Éste es un simple ejemplo de lo que quise decir cuando me referí a la mentalidad que había adoptado, una mentalidad de esquizofrenia progresiva, un método de pensamiento que, aunque en sí era coherente y hasta ingenioso, había perdido el contacto con la realidad o me la ofrecía absurdamente deformada.
Uno de los métodos principales de distorsión del pensamiento comunista es lo que podríamos llamar las «polarizaciones arbitrarias». Un ejemplo de polarización arbitraria es la afirmación: «Hay dos categorías de personas: a) los buenos, que viajan en tren, y b) los malos, que viajan en avión». Con un poco de casuística puede demostrarse inmediatamente que la gente que viaja por mar es a) buena, porque no vuela, y b) mala, porque no viaja en ferrocarril. Para los comunistas, el mundo estuvo sucesivamente polarizado, en diversas épocas, de este modo:
1930: Rusia soviética, más la clase obrera internacional, versus el mundo capitalista, que era un mundo fascista, porque el «fascismo es la última fase inevitable del capitalismo». 1940: El pueblo ruso y alemán amante de la paz versus los agresores pluto democráticos imperialistas: Inglaterra y Francia. 1941: Los bestiales fascistas alemanes agresores versus las naciones democráticas unidas: Rusia, Inglaterra, Francia y Estados Unidos. 1950: Los criminales imperialistas aprovechadores de la guerra: Inglaterra, Francia y Estados Unidos versus las Democracias Populares del Este, amantes de la paz.

Cada una de estas polarizaciones arbitrarias era presentada al creyente como un dualismo eterno entre el mal y el bien, entre la oscuridad y la luz, y justificada mediante la persuasiva astucia de la lógica de todo sistema cerrado.
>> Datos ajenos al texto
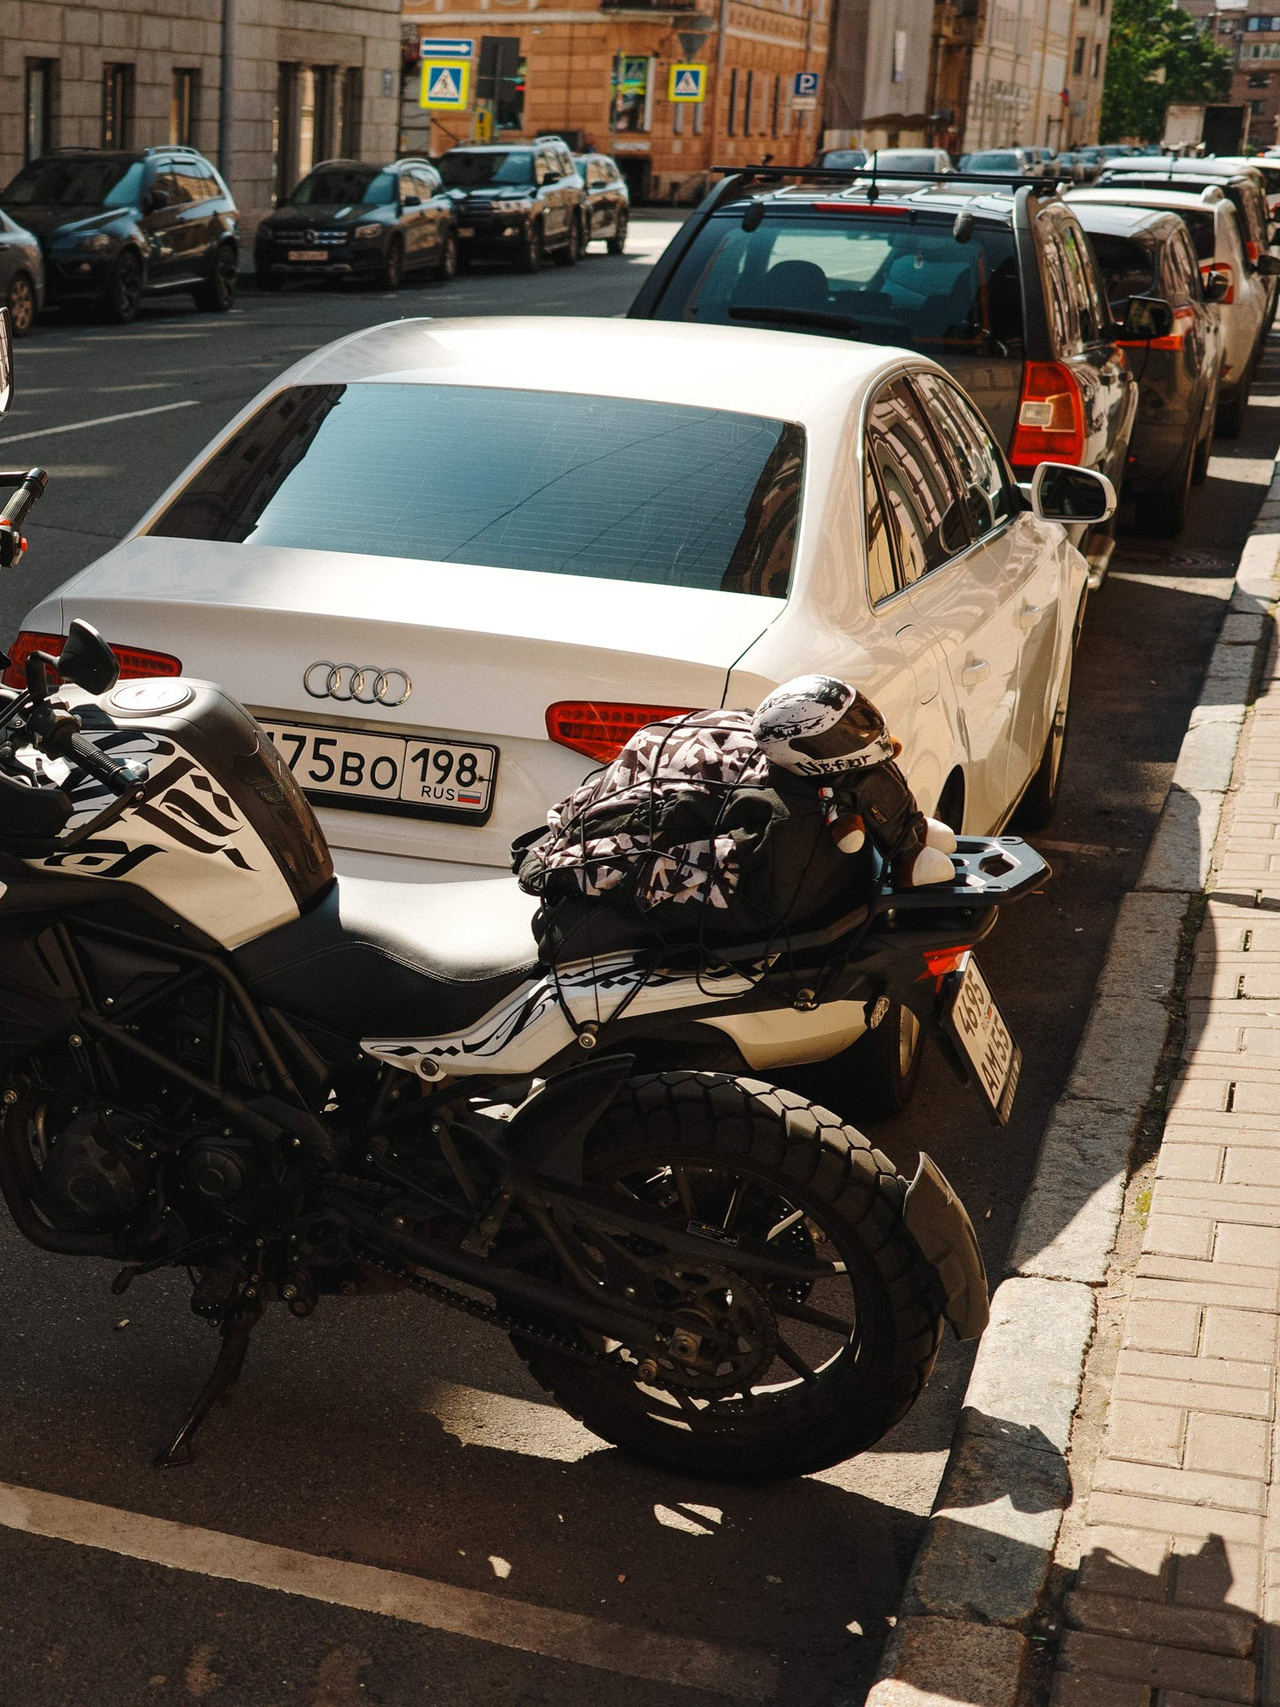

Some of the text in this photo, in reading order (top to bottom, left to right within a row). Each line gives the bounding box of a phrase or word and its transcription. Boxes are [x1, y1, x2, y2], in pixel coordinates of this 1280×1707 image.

Y en cada caso había millones de personas que, gracias a la espontánea amnesia que es una de las características de la mentalidad esquizofrénica, olvidaban rápidamente la última distribución y creían qne la presente sería eternamente cierta.

Cuando me pregunto, con la melancólica experiencia que sólo se logra después del error, cómo pude vivir durante años en este trance mental, encuentro algún consuelo en el hecho de que la escolástica medieval y la exégesis aristotélica duraran un periodo mucho más largo y perturbaran completamente los mejores cerebros de la época; y además, en el hecho de que aun en nuestros días muchos aprueben la idea de que el noventa por ciento de sus contemporáneos están destinados por su amante Padre en el cielo a una especie de súper-Auschwitz eterno.

En fin, la mentalidad de una persona que vive dentro de un sistema cerrado de pensamiento, ya sea el comunista u otro, puede resumirse en una sola fórmula: puede probar todo lo que cree y cree todo lo que puede probar. El sistema cerrado agudiza las facultades mentales, como una piedra de afilar ultraeficaz, hasta un filo increíblemente frágil; produce un tipo de inteligencia escolástica, talmúdica, minuciosa, que no le ofrece ninguna protección cuando quiere cometer las más toscas imbecilidades. La gente de este tipo se encuentra notablemente a menudo entre los intelectuales. Me gusta llamarlos los «ingeniosos imbéciles», expresión que no considero ofensiva, ya que yo fui uno de ellos.